**Data provided**
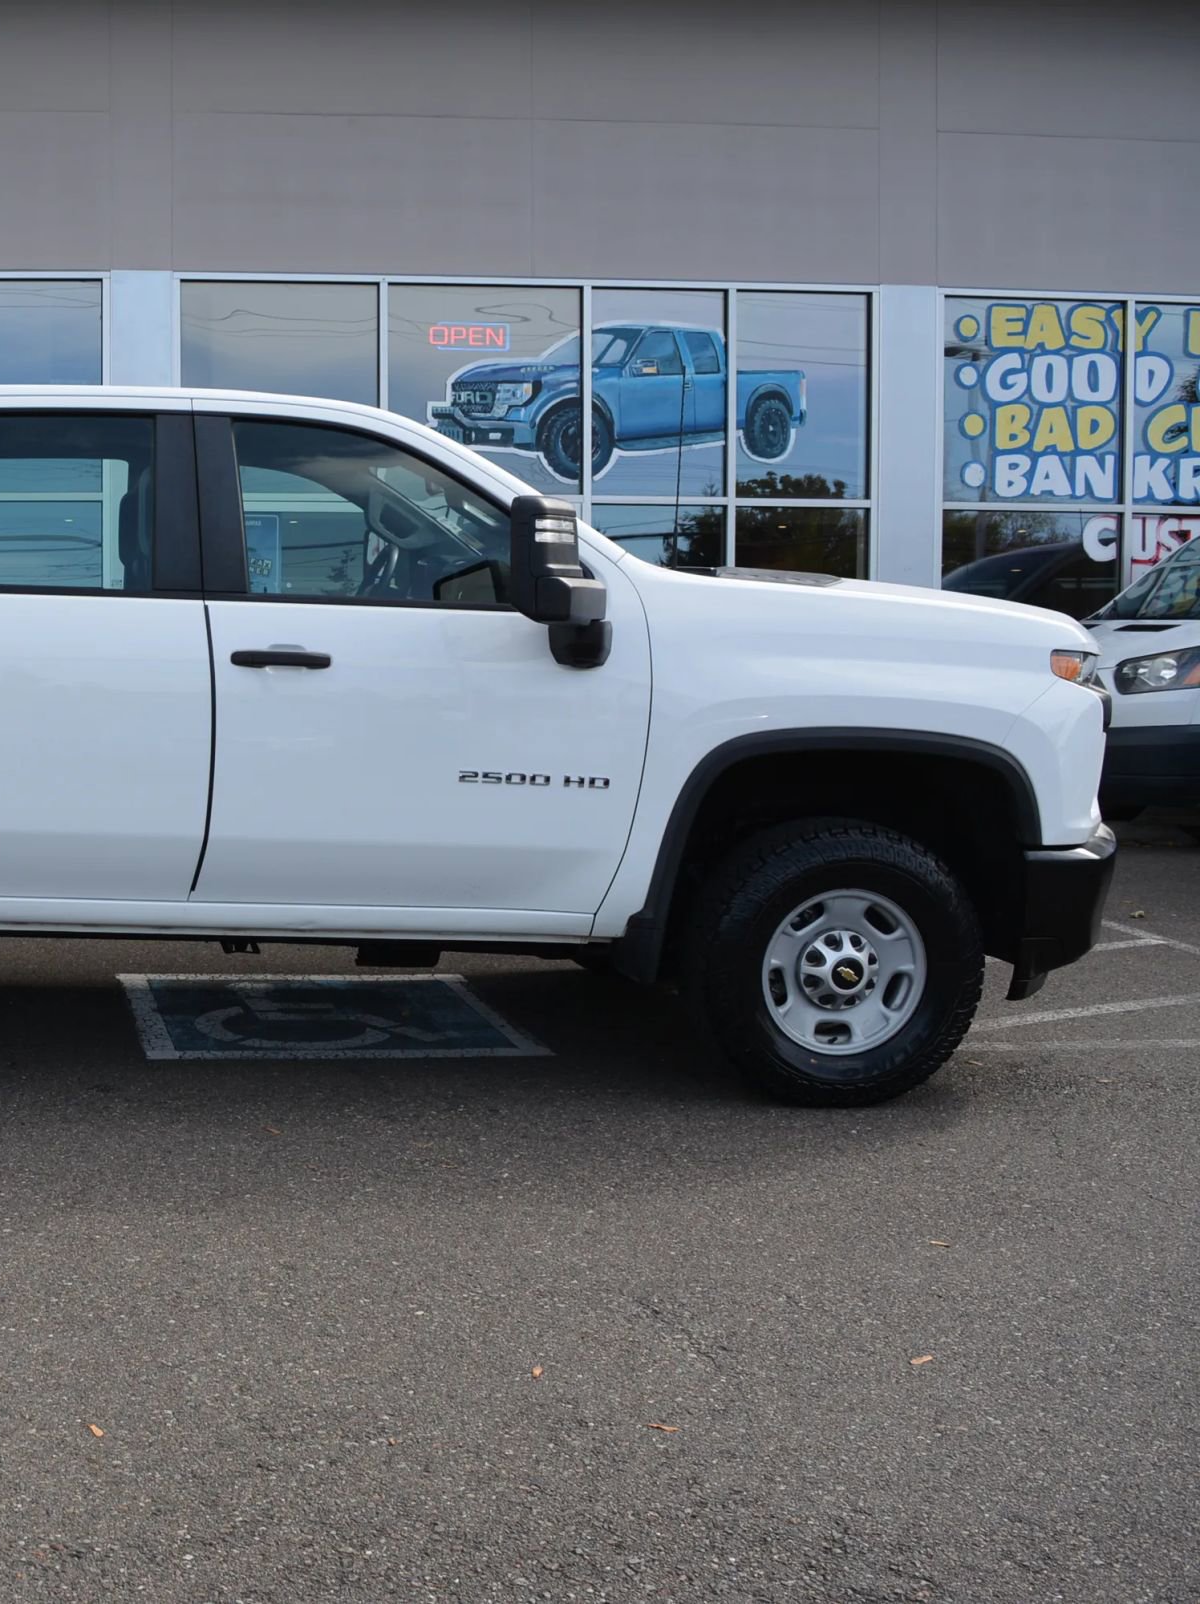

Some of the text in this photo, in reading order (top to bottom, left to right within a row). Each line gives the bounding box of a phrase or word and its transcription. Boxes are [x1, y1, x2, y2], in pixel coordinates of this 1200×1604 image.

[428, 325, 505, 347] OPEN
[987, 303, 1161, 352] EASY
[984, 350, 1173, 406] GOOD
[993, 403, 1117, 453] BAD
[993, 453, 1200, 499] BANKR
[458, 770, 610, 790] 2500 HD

**Prompt**
Set down each of the records precisely, leaving any pictures behind.

**Response to this task**
Some of the text in this photo, in reading order (top to bottom, left to right within a row). Each line gives the bounding box of a phrase or word and its transcription. Boxes are [x1, y1, x2, y2], in pixel coordinates of this 1200×1604 image.

[428, 325, 505, 347] OPEN
[987, 303, 1161, 352] EASY
[984, 350, 1173, 406] GOOD
[993, 403, 1117, 453] BAD
[993, 453, 1200, 499] BANKR
[458, 770, 610, 790] 2500 HD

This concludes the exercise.